NASA just made aviation history. Agency has Confirmed The Ingenuity Mars helicopter completed its initial test flight, making it the first aircraft to fly on another planet. The machine climbed to a height of 10 feet at 3:34 AM Eastern, hovering in place for 30 seconds before touching the Marshall surface. More details (not to mention better imagery) are expected soon.

The area will now be known as Wright Brothers Field in tribute to the pioneers of Earth-powered flight.

There was no sense of autonomous flight. Mars’ gravity is about a third of Earth’s, and a very thin atmosphere provides just 1 percent of our planet’s surface-level pressure. The basic rules of flight vary, in other words, and for the first time Ingenuity is testing multiple components. The helicopter is powered by solar energy, so the mission crew had to give the launch time for the optimal amount of energy.

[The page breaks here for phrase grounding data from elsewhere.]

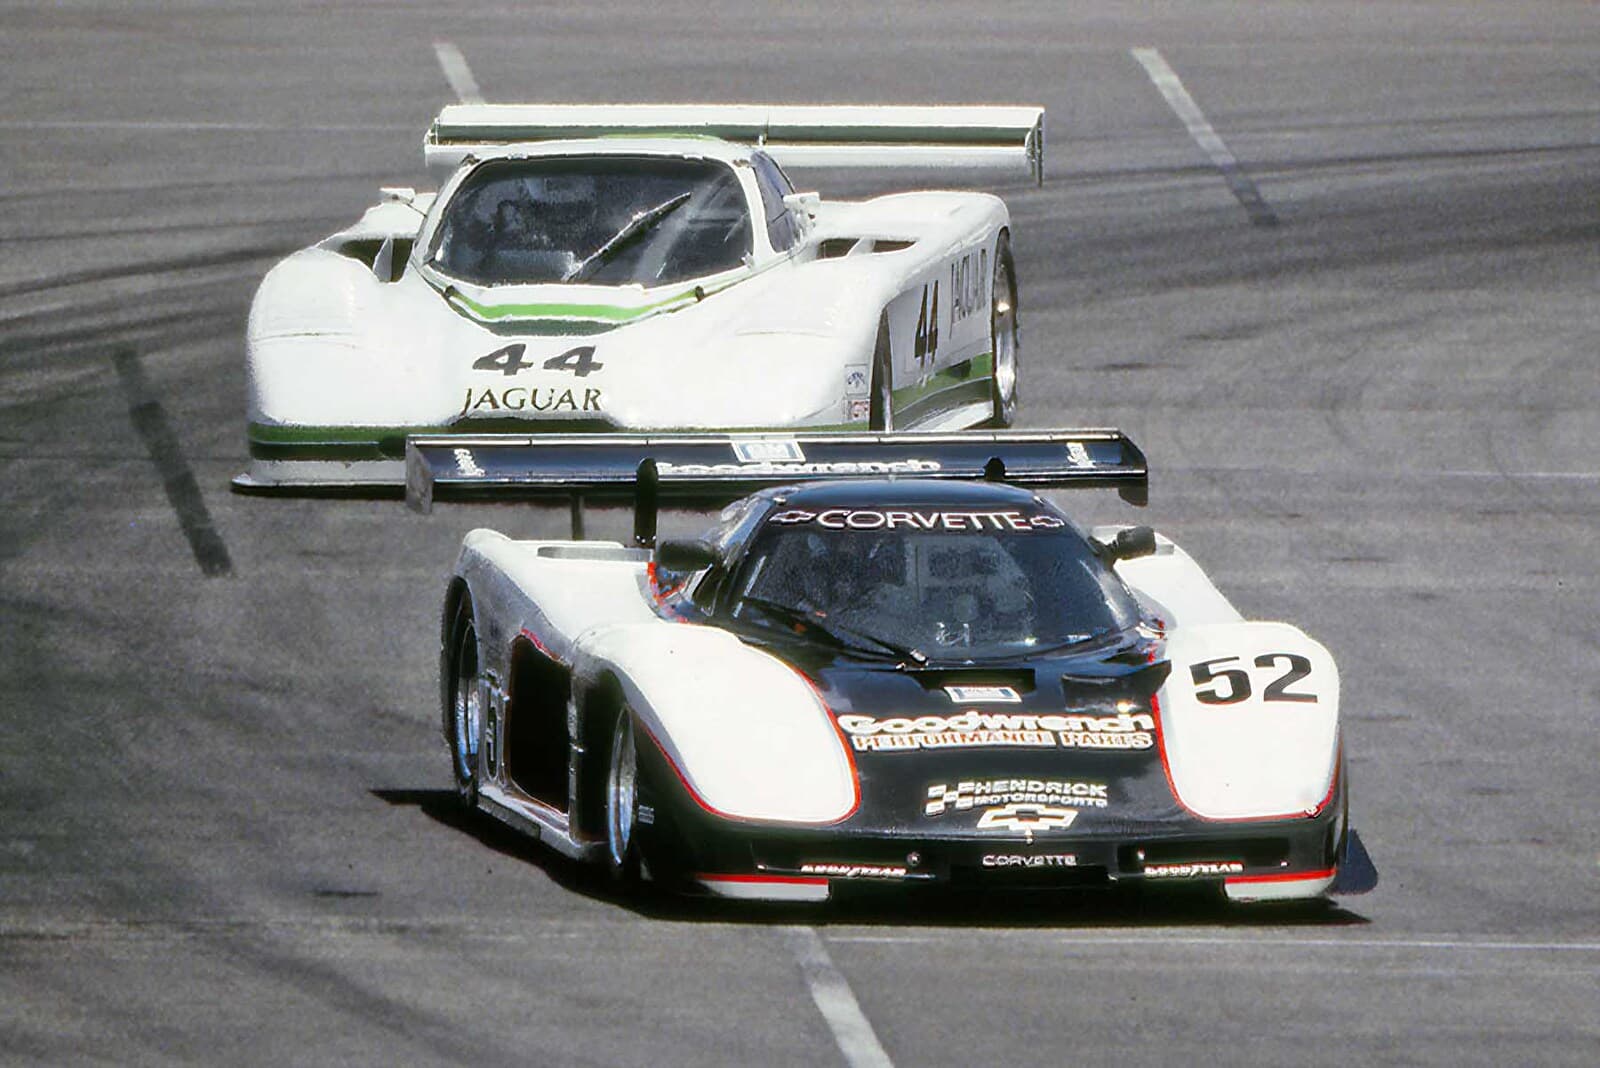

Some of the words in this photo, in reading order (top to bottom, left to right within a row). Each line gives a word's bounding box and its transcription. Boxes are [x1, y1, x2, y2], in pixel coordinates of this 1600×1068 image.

[914, 279, 938, 368] 44
[472, 343, 604, 377] 44
[460, 387, 602, 416] JAGUAR
[816, 509, 1033, 530] CORVETTE
[1189, 653, 1318, 706] 52
[837, 710, 1155, 735] Goodwrench
[851, 730, 1056, 751] PERFORMANCE
[1059, 731, 1154, 750] PARTS
[973, 779, 1108, 798] HENDRICK
[972, 792, 1108, 809] MOTORSPORTS
[981, 854, 1078, 867] CORVETTE
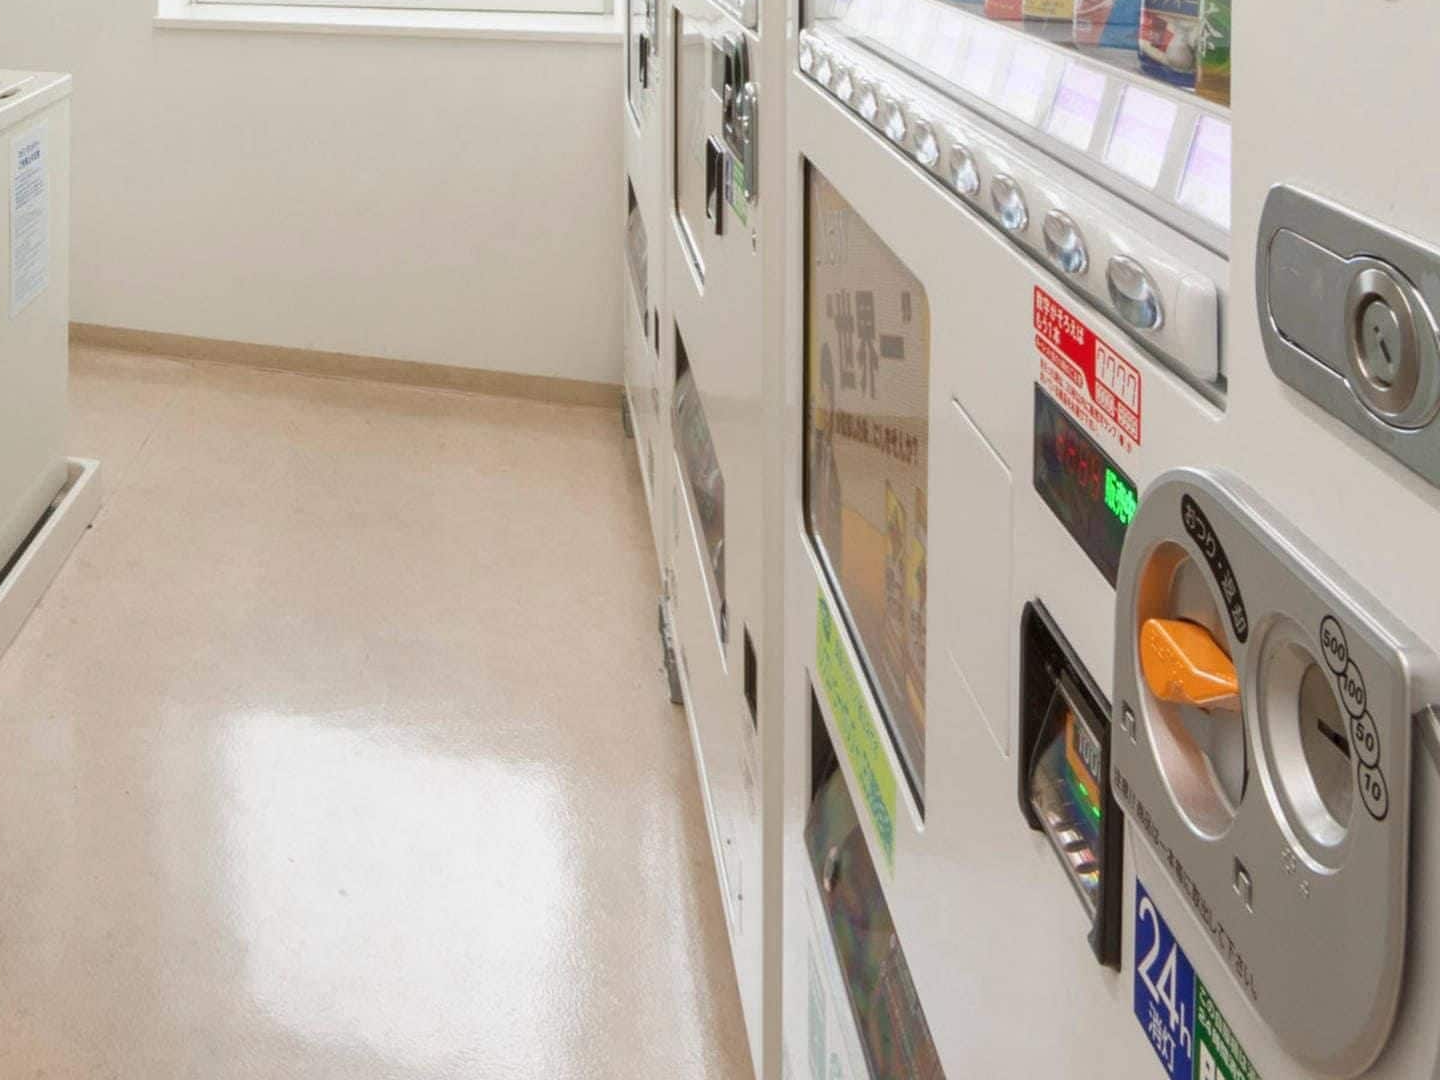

The flight also represented a victory over technical obstacles. NASA originally intended to fly Ingenuity on April 11, but delayed the flight to fix a software problem with its command sequence.

You may not have to wait long for the next flight. NASA hopes for a second flight on April 22. This should be another minor test, but the administration will decide how to “best expand the flight profile.” Ingenuity can fly at a distance of 160 feet from a strongly rover for a duration of up to 90 seconds.

The helicopter will not accomplish much by itself – this is primarily a proof of concept. This success suggests that flight to Mars is possible, and it opens the door to future aircraft that can scout planets in a way that no rover can possibly manage.